2017 8th Blue Bridge Cup Java Programming Undergraduate Group B Final Individual Problem Solution Summary:
https://blog.csdn.net/daixinliangwyx/article/details/90184941
Question 6
Title: Interval Shift
Address for submitting test questions: http://lx.lanqiao.cn/problem.page?gpid=T451
There are n closed intervals on the number line: D1,...,Dn.
The interval Di is described by a pair of integers [ai, bi], satisfying ai < bi.
The sum of the lengths of these intervals is known to be at least 10,000.
So, by shifting the intervals appropriately, you can always make their "unions" cover [0, 10000] - that is, every point in the interval [0, 10000] falls within at least one interval.
You want to find a movement method that minimizes the displacement in the interval with the largest displacement difference.

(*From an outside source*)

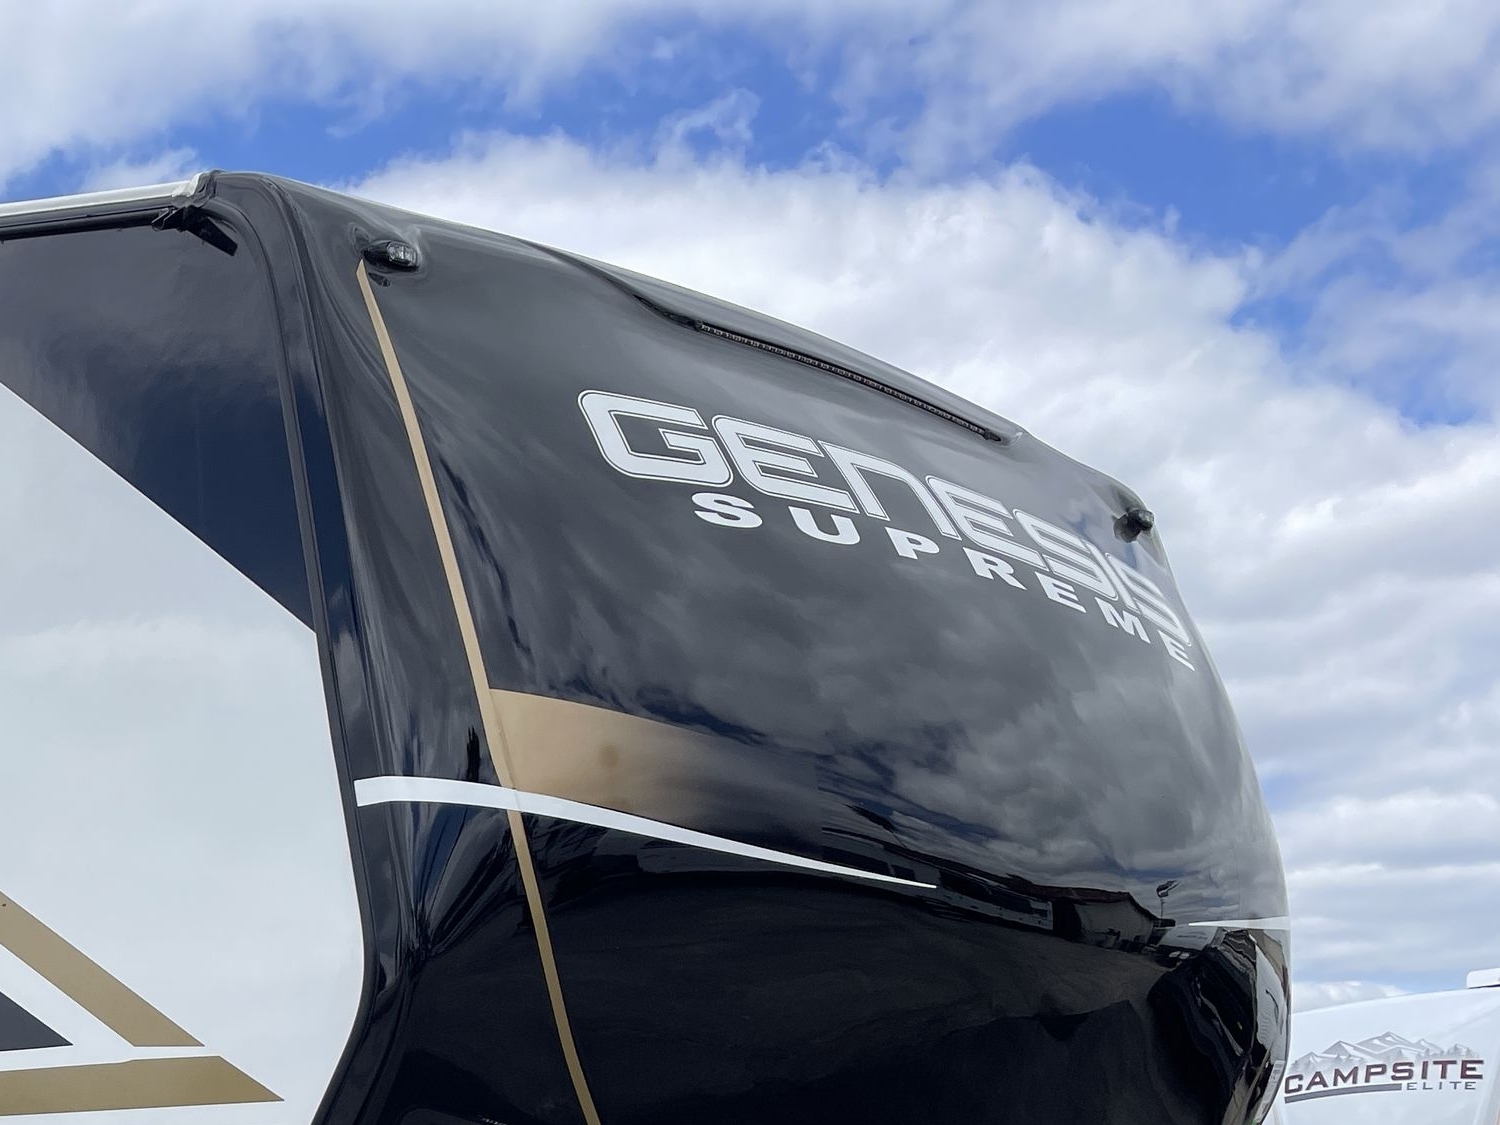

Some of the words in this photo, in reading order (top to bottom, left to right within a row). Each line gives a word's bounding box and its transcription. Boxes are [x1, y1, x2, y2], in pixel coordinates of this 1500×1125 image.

[578, 389, 1192, 647] GENESIS
[691, 492, 1196, 672] SUPREME
[1284, 1059, 1484, 1094] CAMPSITE
[1406, 1081, 1477, 1091] ELITE

Specifically, suppose you move Di to the position [ai+ci, bi+ci]. You want to minimize maxi{|ci|}.
[Input format]
The first line of input contains an integer n, which represents the number of intervals.
Next there are n lines, each line contains 2 integers ai, bi, separated by a space, indicating the interval [ai, bi].

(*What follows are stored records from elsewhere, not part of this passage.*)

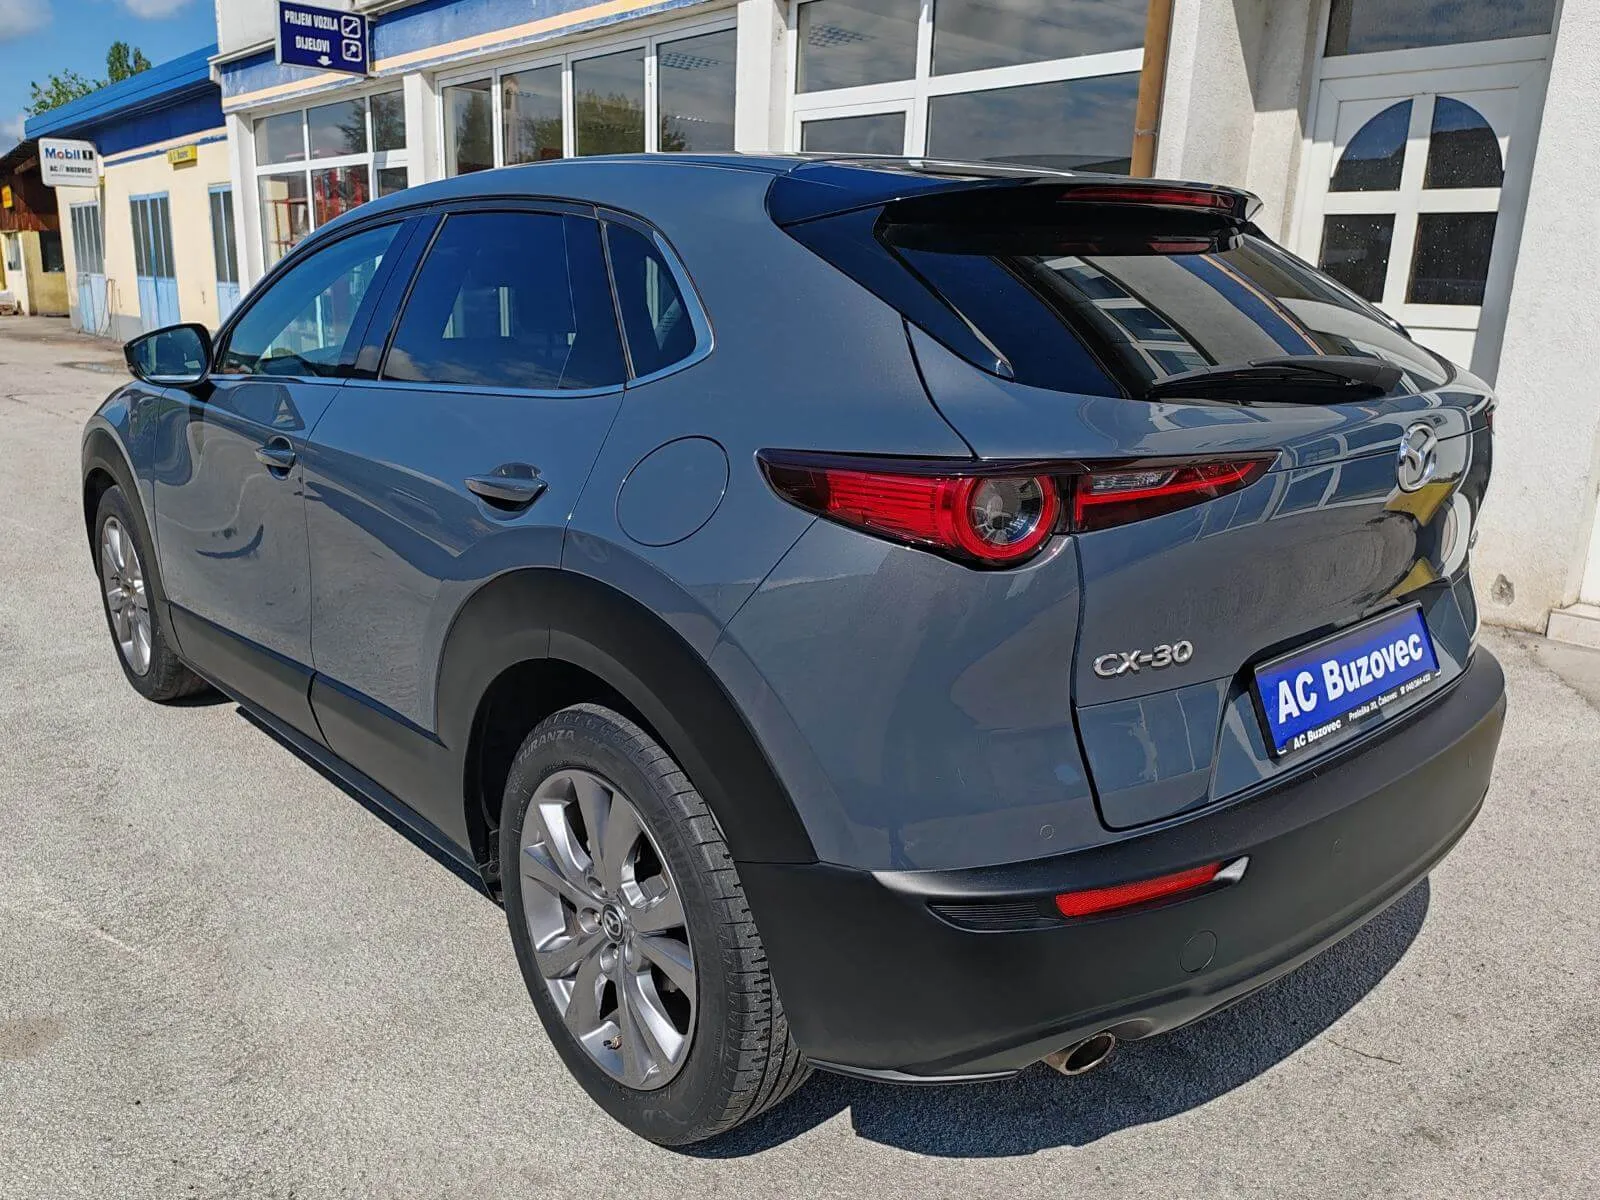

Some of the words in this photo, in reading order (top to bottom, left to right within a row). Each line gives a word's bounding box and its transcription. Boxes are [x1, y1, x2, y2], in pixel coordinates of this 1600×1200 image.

[284, 10, 313, 27] PRIJEM
[313, 14, 339, 31] VOZILA
[295, 36, 330, 53] DIJELOVI
[45, 147, 80, 160] Mobil
[1092, 640, 1194, 677] CX-30
[1278, 671, 1318, 725] AC
[1321, 633, 1423, 702] Buzovec
[518, 729, 575, 764] TURANZA
[1293, 733, 1307, 750] AC
[1307, 719, 1342, 743] Buzovec
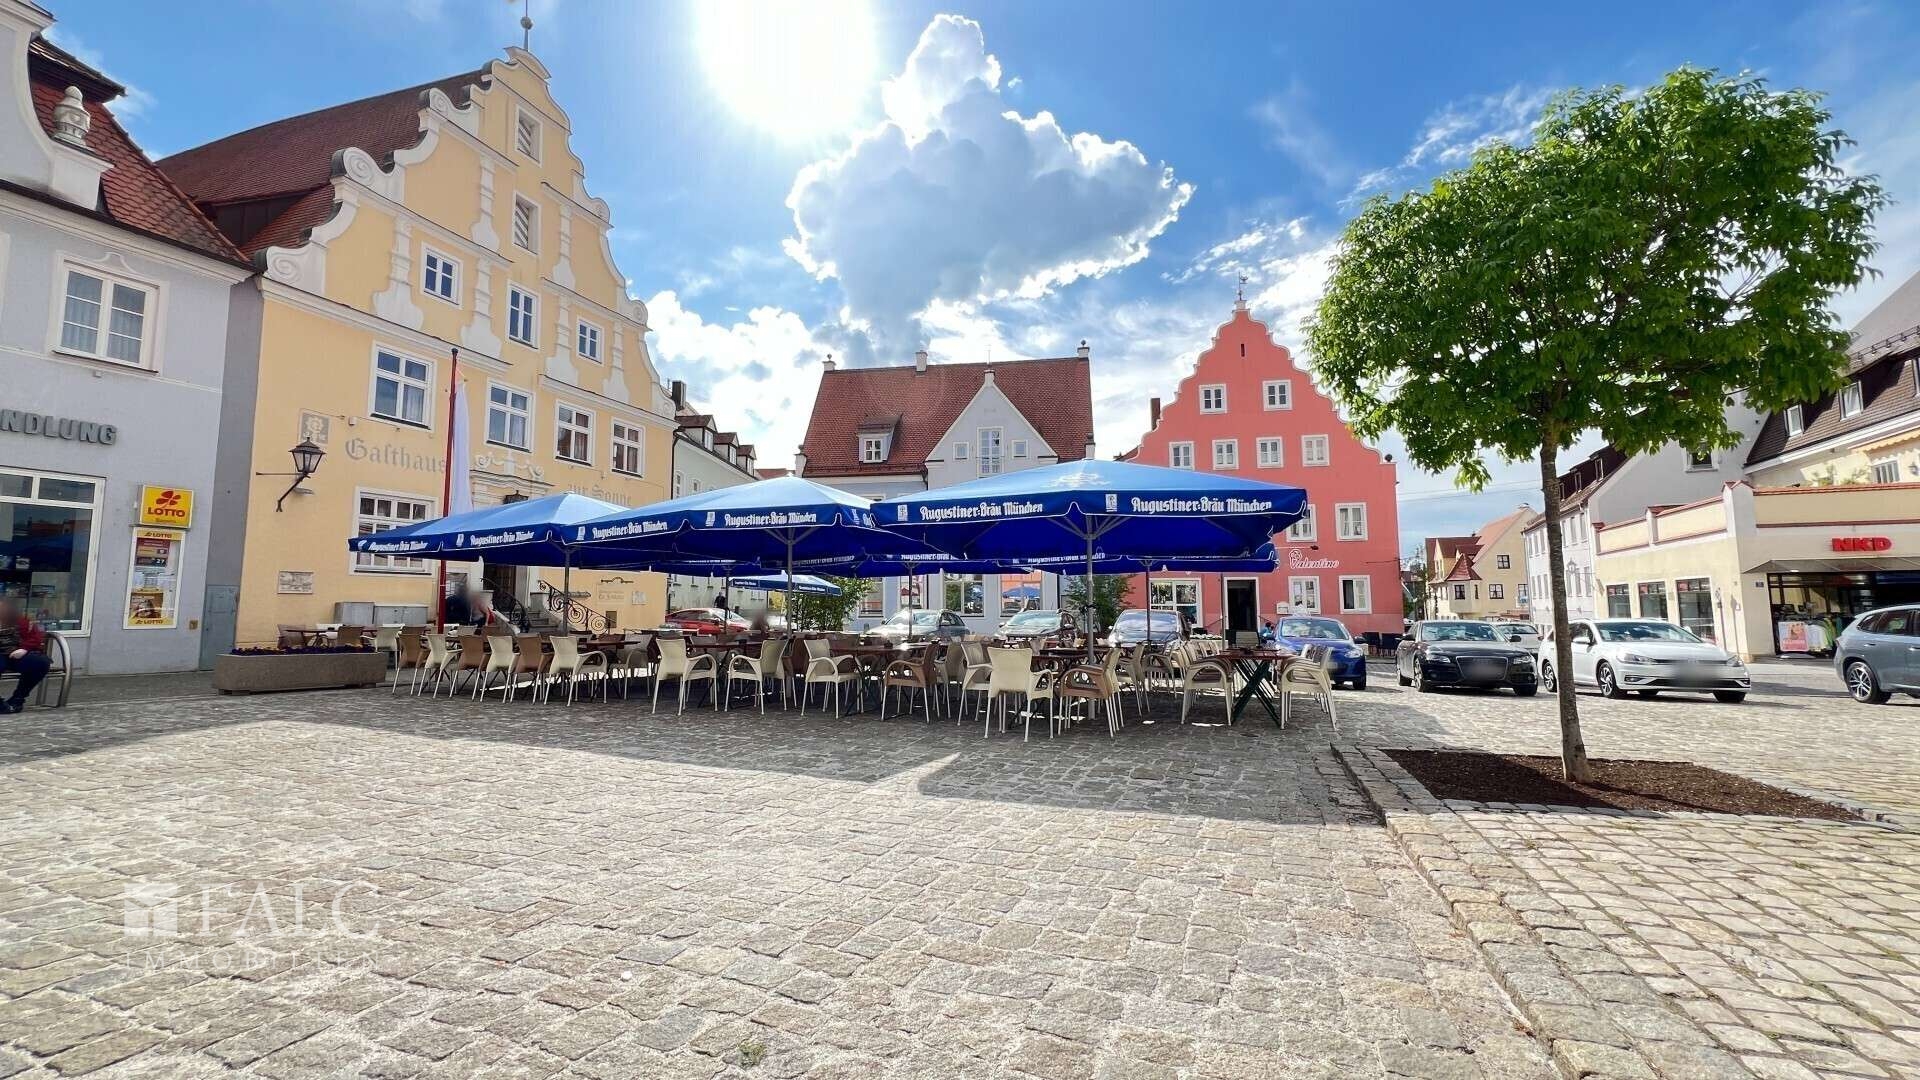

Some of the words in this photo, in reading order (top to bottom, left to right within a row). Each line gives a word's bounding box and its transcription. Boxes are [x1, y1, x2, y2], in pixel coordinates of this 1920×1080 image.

[147, 507, 185, 518] LOTTO
[1003, 501, 1043, 516] München
[1226, 498, 1272, 513] München
[788, 511, 817, 523] München
[1832, 537, 1893, 552] NKD

Make sure that the sum of the lengths of the intervals is at least 10000.
【Output format】
Output a number to indicate the answer. If the answer is an integer, only the integer part is output. If the answer is not an integer, it is rounded to one decimal place on output.
【Sample input】
2
10 5010
4980 9980
[Sample output]
20
[Example description]
The first interval moves to the left by 10; the second interval moves to the right by 20.
[Sample input]
4
0 4000
3000 5000
5001 8000
7000 10000
[Sample output]
0.5
[Sample description]
The second interval is shifted to the right by 0.5; the third interval is shifted to the left by 0.5.
[Data scale and convention]
For 30% of the evaluation cases, 1 <= n <= 10;
for 100% of the evaluation cases, 1 <= n <= 10000, 0 <= ai < bi <= 10000.
Resource convention:
peak memory consumption < 256M
CPU consumption < 2000ms
Please output strictly according to the requirements, and do not superficially print superfluous content like: "Please enter...".
All code is placed in the same source file, after debugging, copy and submit the source code.
Note: Do not use the package statement. Do not use features of jdk1.7 and above.
Note: The name of the main class must be: Main, otherwise it will be processed as invalid code.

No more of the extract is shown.